When I read his obituary, accompanied by a picture of Glen looking like a mere boy, sweet and shy, someone who just called out to be loved, I was barely out of my own thrashing battle, still trying to figure out what the hell happened to me, how the genie had exploded out of the bottle and derailed my life. But I kept thinking: Glen would know. He'd know just what to say to me, he'd know how to spread balm very gently on the raw wound of my mind. Like a sherpa, he'd been there before me, braved the elements and somehow survived it all.

Until now. When I read of the way he died, frozen to death like a street person (those souls he so identified with and wrote about with such compassion), with no one to hold him as the life ebbed out of him, I wanted to scream at the injustice of it all: at the medical community's complete inability to help such a large-hearted, lavishly gifted human being; at the gap between Glen and his loved ones (there was no doubt he loved them, but something always got in the way), at the grim, fearful, love-deprived boyhood that left scars on him, and in him, that would never be healed.

I did take out the folder, and looked at his dear, graceful handwriting, but haven't read the letters yet. I had thought of writing a piece about him, a sort of tribute, but I knew no one would really get it. When I think of him, which is often, tears well up, and I just want my funny, sardonic, gentle, wounded, wonderful brother back.

There is a song from the 70s by a group called Bread that I keep hearing in my mind. It has a haunting lyric that is like an impressionist painting of Glen's life:

"For a love that wouldn't bloom,
For the hearts that never played in tune.
Like a lovely melody that everyone can sing,
Take away the words that rhyme, it doesn't mean a thing."

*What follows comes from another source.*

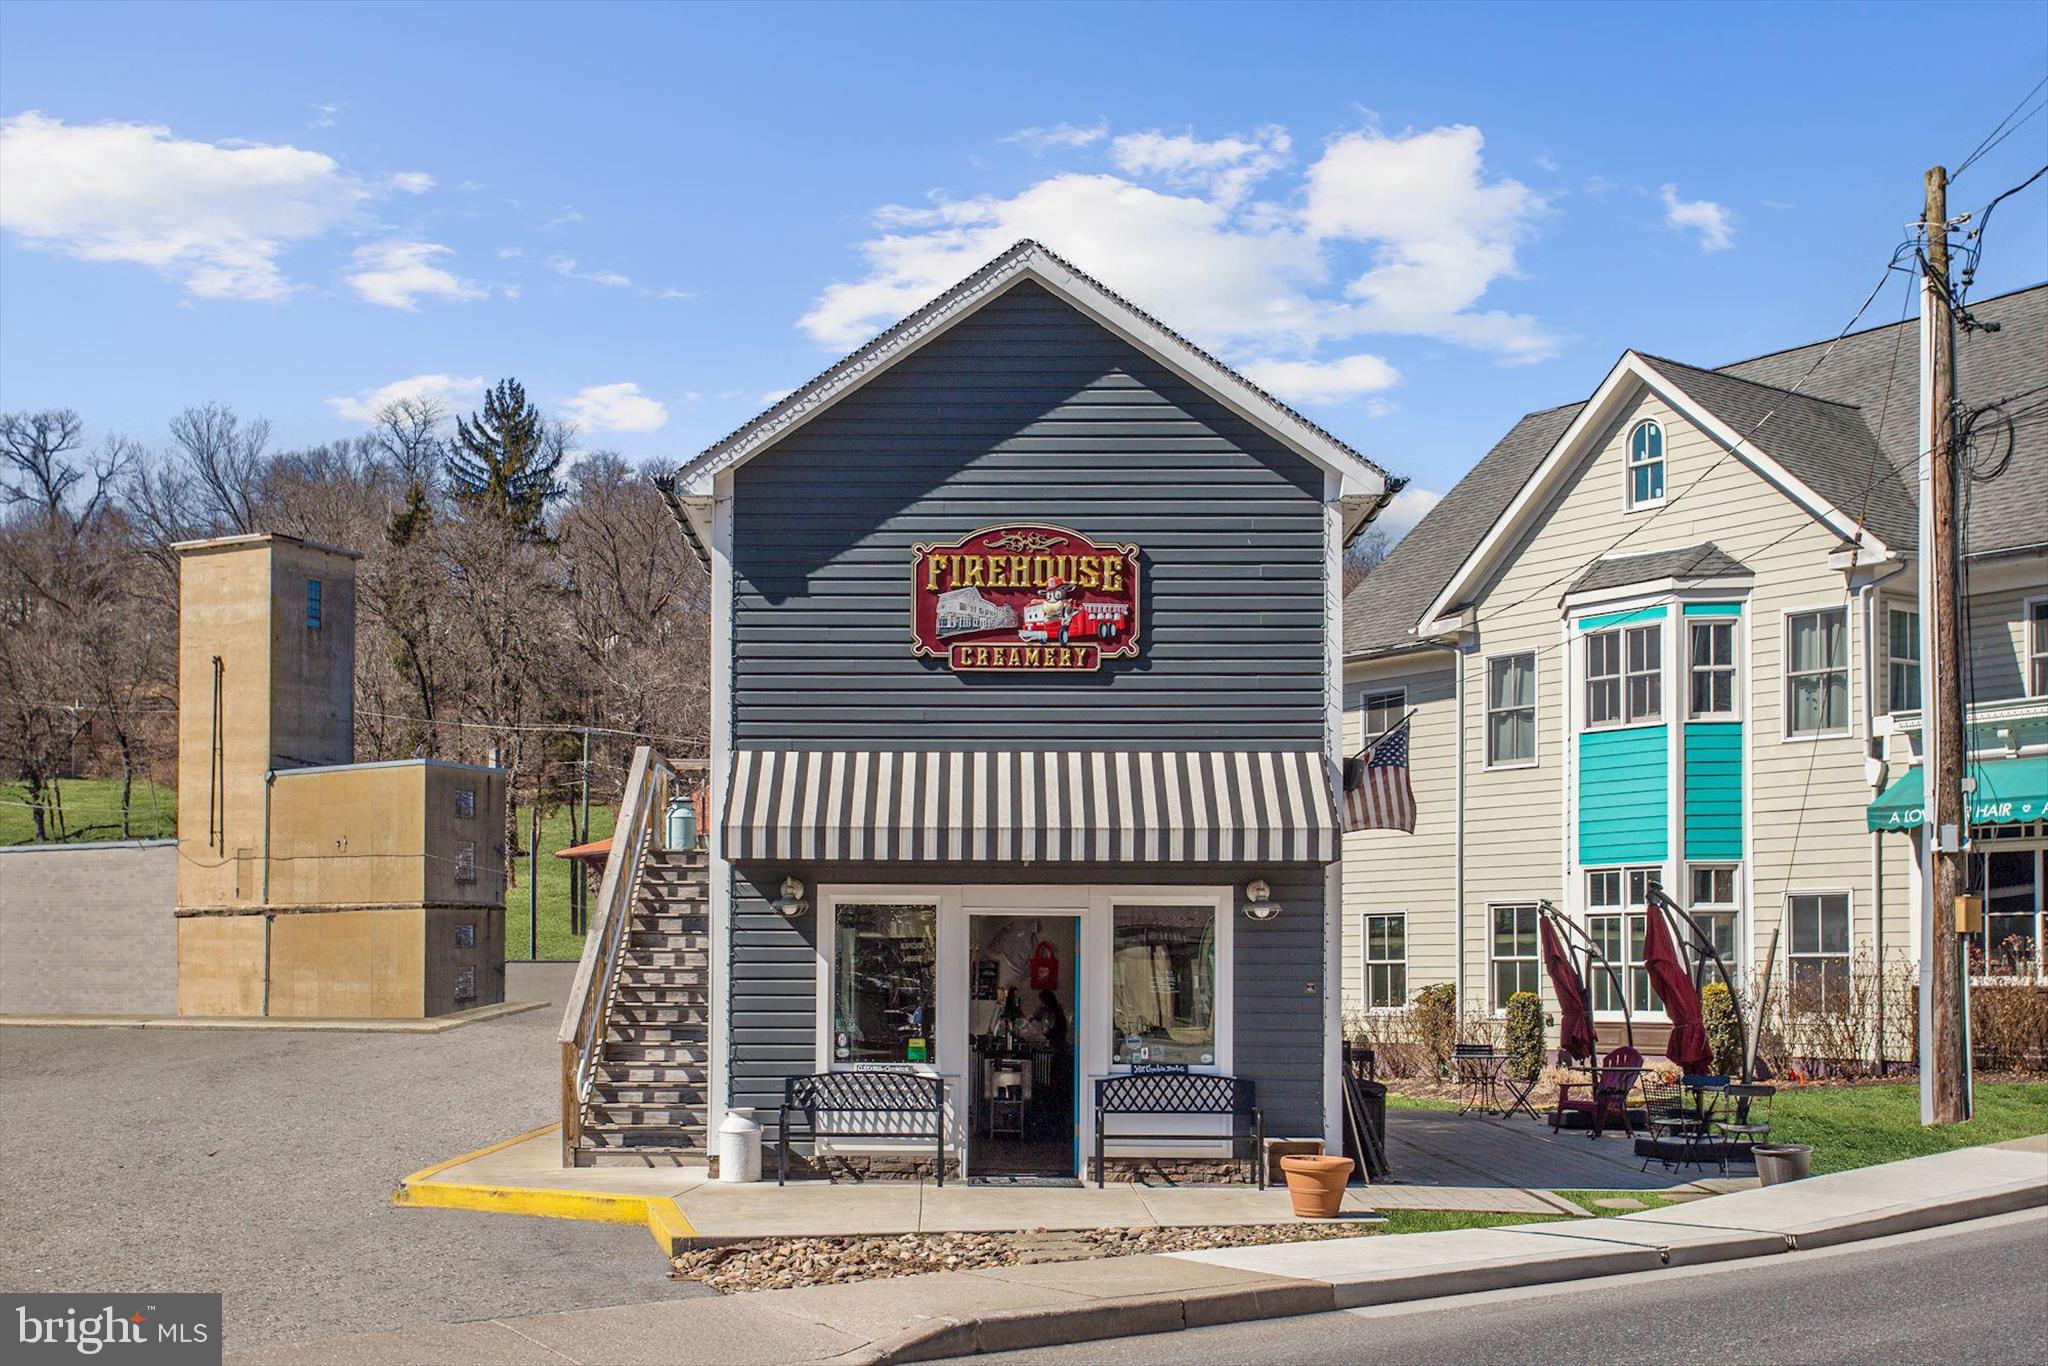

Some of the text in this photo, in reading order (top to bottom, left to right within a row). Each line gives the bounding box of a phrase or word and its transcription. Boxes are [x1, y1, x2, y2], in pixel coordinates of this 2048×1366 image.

[926, 554, 1124, 592] FIREHOUSE
[960, 647, 1089, 667] CREAMERY
[1888, 811, 1900, 824] A
[1975, 802, 2012, 818] HAIR

The words seem to make a melody of themselves: I think I knew his name. I never knew him, but I loved him just the same. Wish that I had found the way, and the reasons that would make him stay.

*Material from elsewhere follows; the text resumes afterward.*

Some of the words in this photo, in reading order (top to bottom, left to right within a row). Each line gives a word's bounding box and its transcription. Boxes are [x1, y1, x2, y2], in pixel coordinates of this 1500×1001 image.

But he couldn't stay; the pain was too great, the loneliness had hollowed him out, and the demons that screamed inside his skull had to be silenced once and for all. Such a person, making an intentional exit, is often described as "finally being at peace".

I think it goes beyond that. I think he is everywhere. I know he hangs around here, a warm spot in the room, a kind of disembodied smile, and I don't want him to go.